En la industria petroquímica 30% del consumo de gas de la petroquímica secundaria es importado, en ocasiones hasta tres veces por encima del precio en el lugar de origen. En tanto, 70% de los productos de consumo nacional de petroquímicos secundarios es importado.

México ocupa el sexto lugar en reservas probadas de gas de lutita a escala mundial. Pero mientras en el sur de Texas se explotan más de 9 mil pozos de gas de esquisto, mejor conocido como shale gas, en México, en la prolongación de ese mismo yacimiento de Estados Unidos se han perforado tres.
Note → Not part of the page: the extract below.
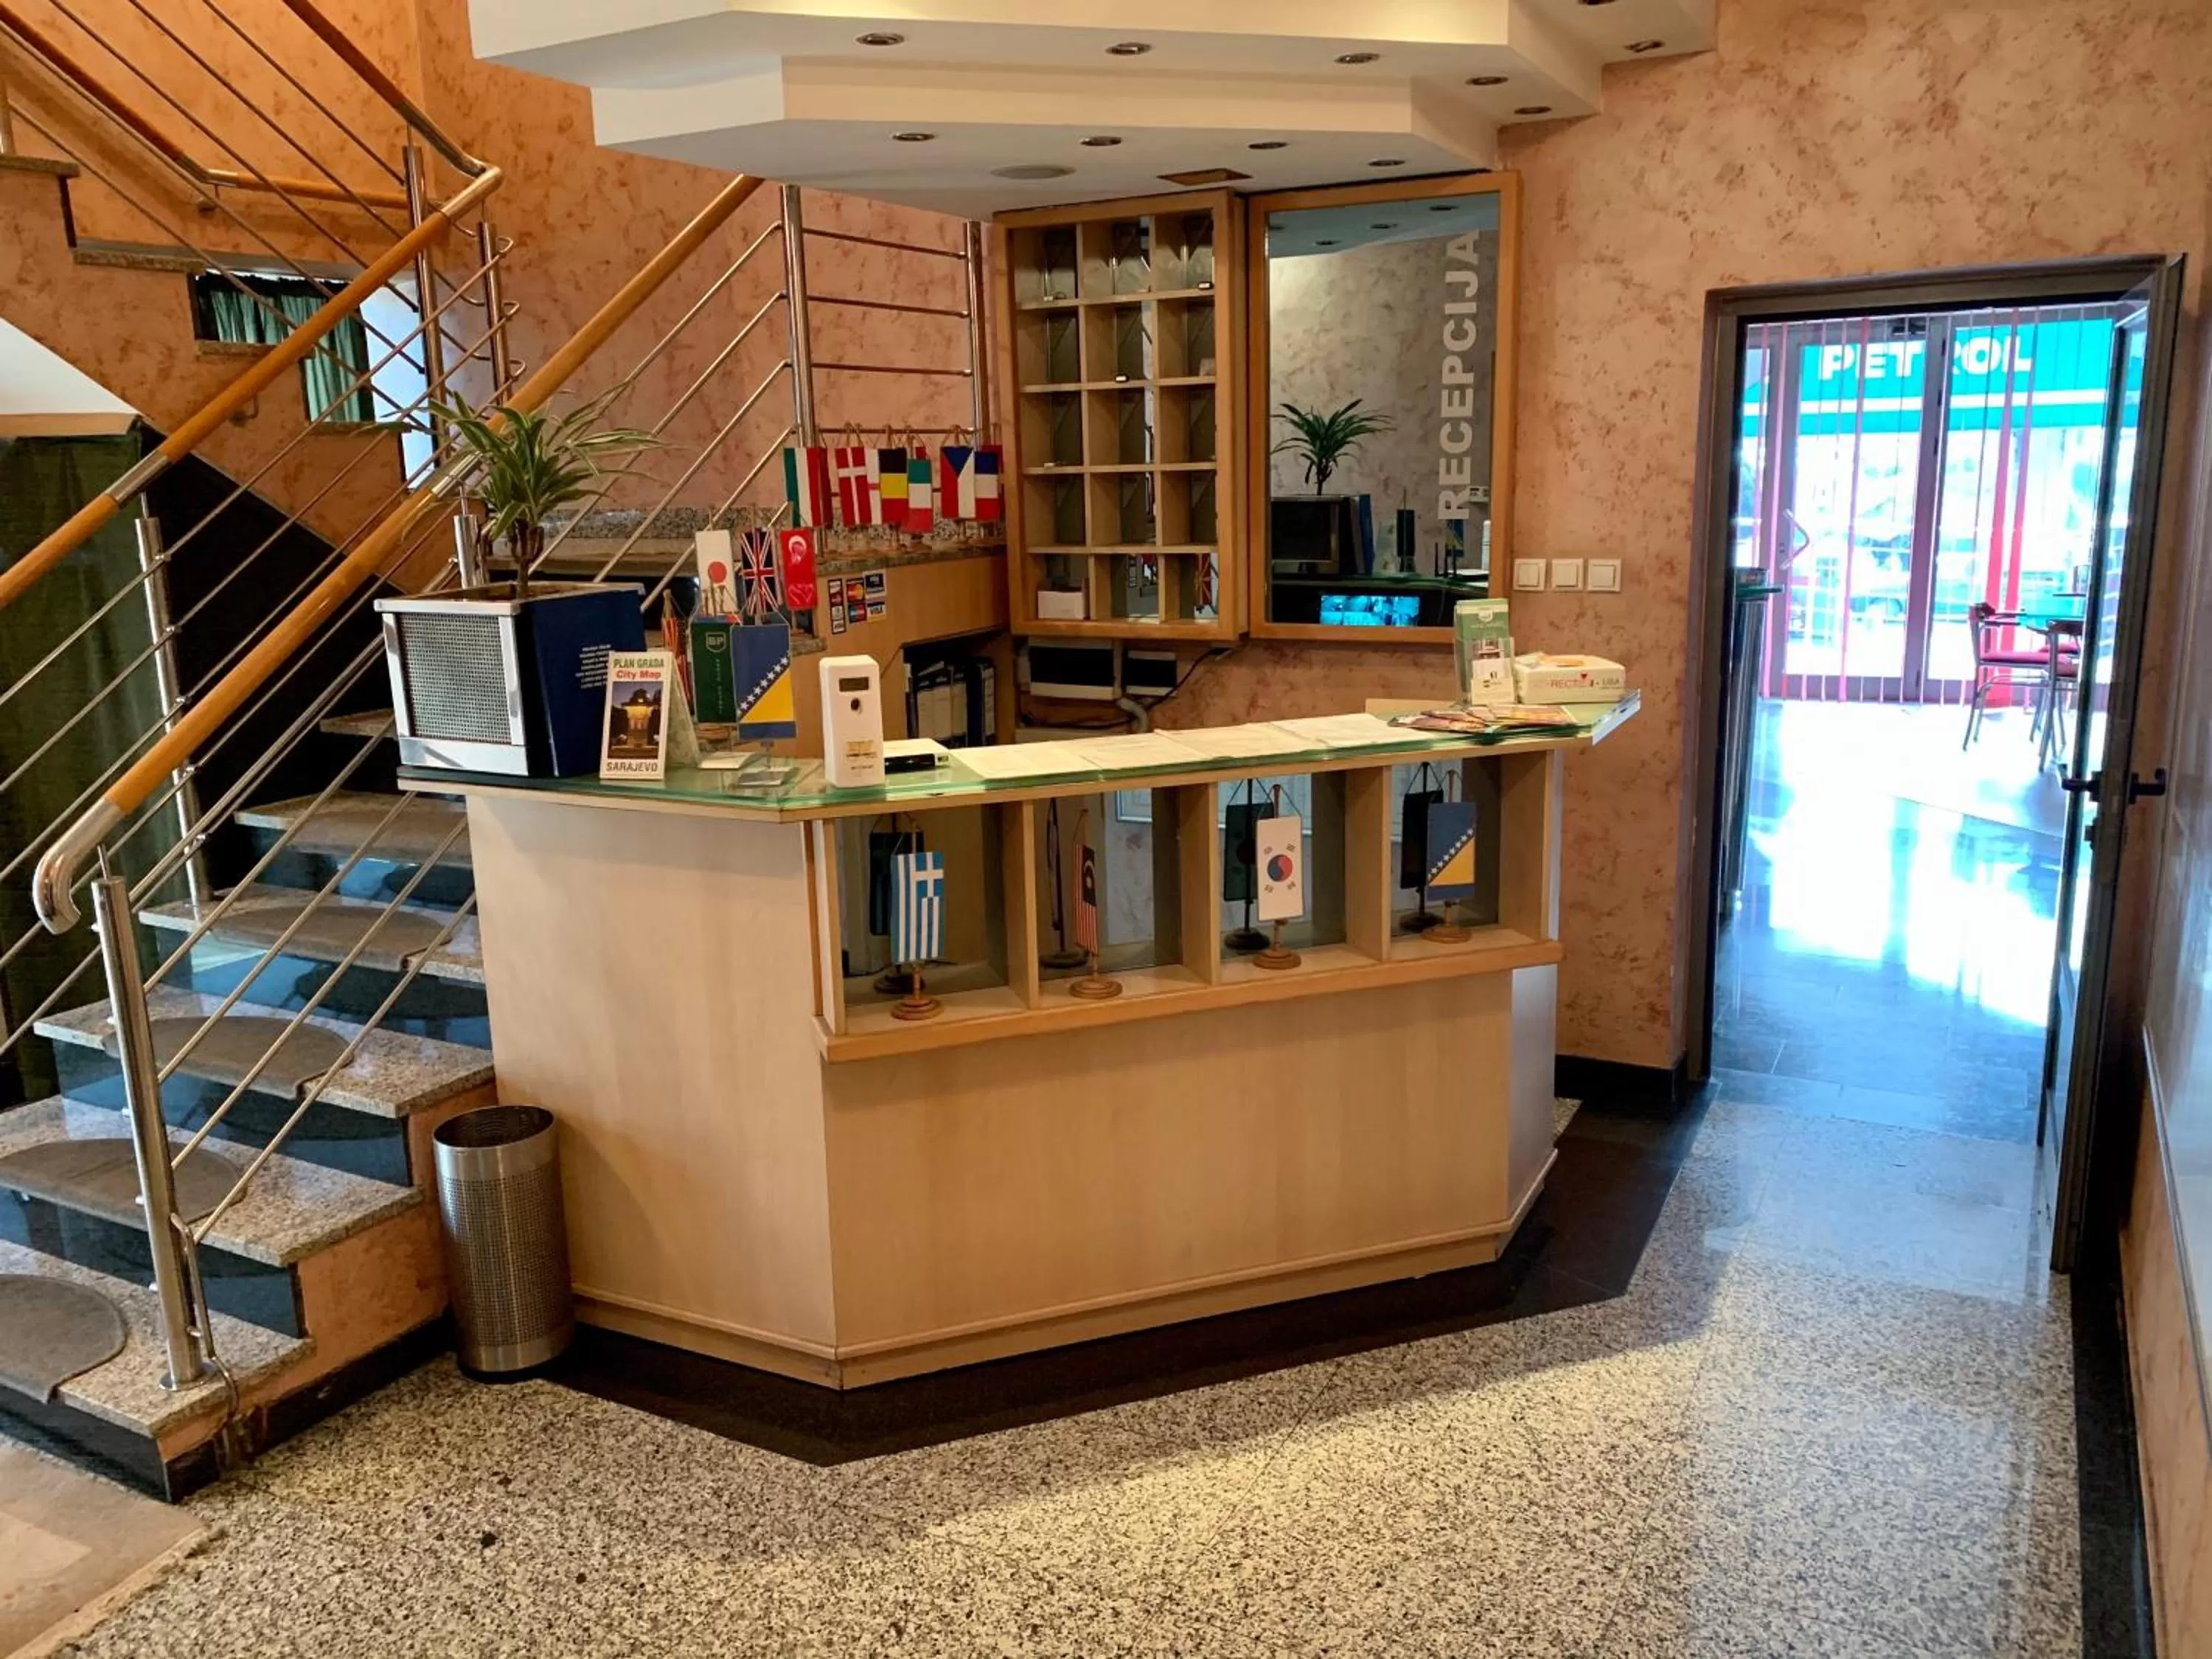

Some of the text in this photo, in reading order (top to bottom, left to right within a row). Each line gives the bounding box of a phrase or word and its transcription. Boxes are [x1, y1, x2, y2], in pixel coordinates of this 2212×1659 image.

En los últimos siete años Estados Unidos y Canadá aumentaron su producción petrolera en 29 y 23% respectivamente. La producción mexicana disminuyó en el mismo lapso en 23%. En Estados Unidos en 2012 se perforaron 137 pozos de aguas profundas y ultraprofundas. En México seis y no han extraído un solo barril. Además,en 2018, Estados Unidos, el principal cliente mexicano, se convertirá en exportador neto de hidrocarburos.
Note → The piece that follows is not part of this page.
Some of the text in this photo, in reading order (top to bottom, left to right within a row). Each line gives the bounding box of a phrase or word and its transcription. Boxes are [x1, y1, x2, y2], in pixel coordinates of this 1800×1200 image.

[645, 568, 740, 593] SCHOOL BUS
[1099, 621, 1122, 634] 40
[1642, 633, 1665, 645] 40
El escenario de hidrocarburos no podría ser más complejo y lleno de retos.

En materia eléctrica, la electricidad de Estados Unidos, en promedio, casa-habitación-industria, cuesta 60% menos de lo que vale en México. Estamos hablando de nuestro principal socio comercial y de ventajas comparativas. Más de 20% de la producción de electricidad es merma, en comparación al 7% del promedio de los países de la OCDE. Al mismo tiempo, cerca de 25% de la facturación eléctrica no se cobra y subsidios mal focalizados en el abasto de la electricidad superan los 80 mil millones de pesos.

Sustituir el diésel y el combustóleo que utiliza la CFE por gas podría ahorrar entre 6 mil 500 y 7 mil millones de dólares al año. El costo para la CFE por el desabasto de gas en 2012 y 2013 es de 30 mil millones de pesos. Casi dos veces el presupuesto anual del estado de Tabasco, por ejemplo.

Los costos de la energía eléctrica para las empresas mexicanas son 84% superiores a los que pagan las empresas de Estados Unidos en el Golfo de México. Los mexicanos pagan 30% más en tarifas eléctricas que el promedio del mercado internacional.

En ese marco la reforma energética va. Habrá que ver con lupa su instrumentación.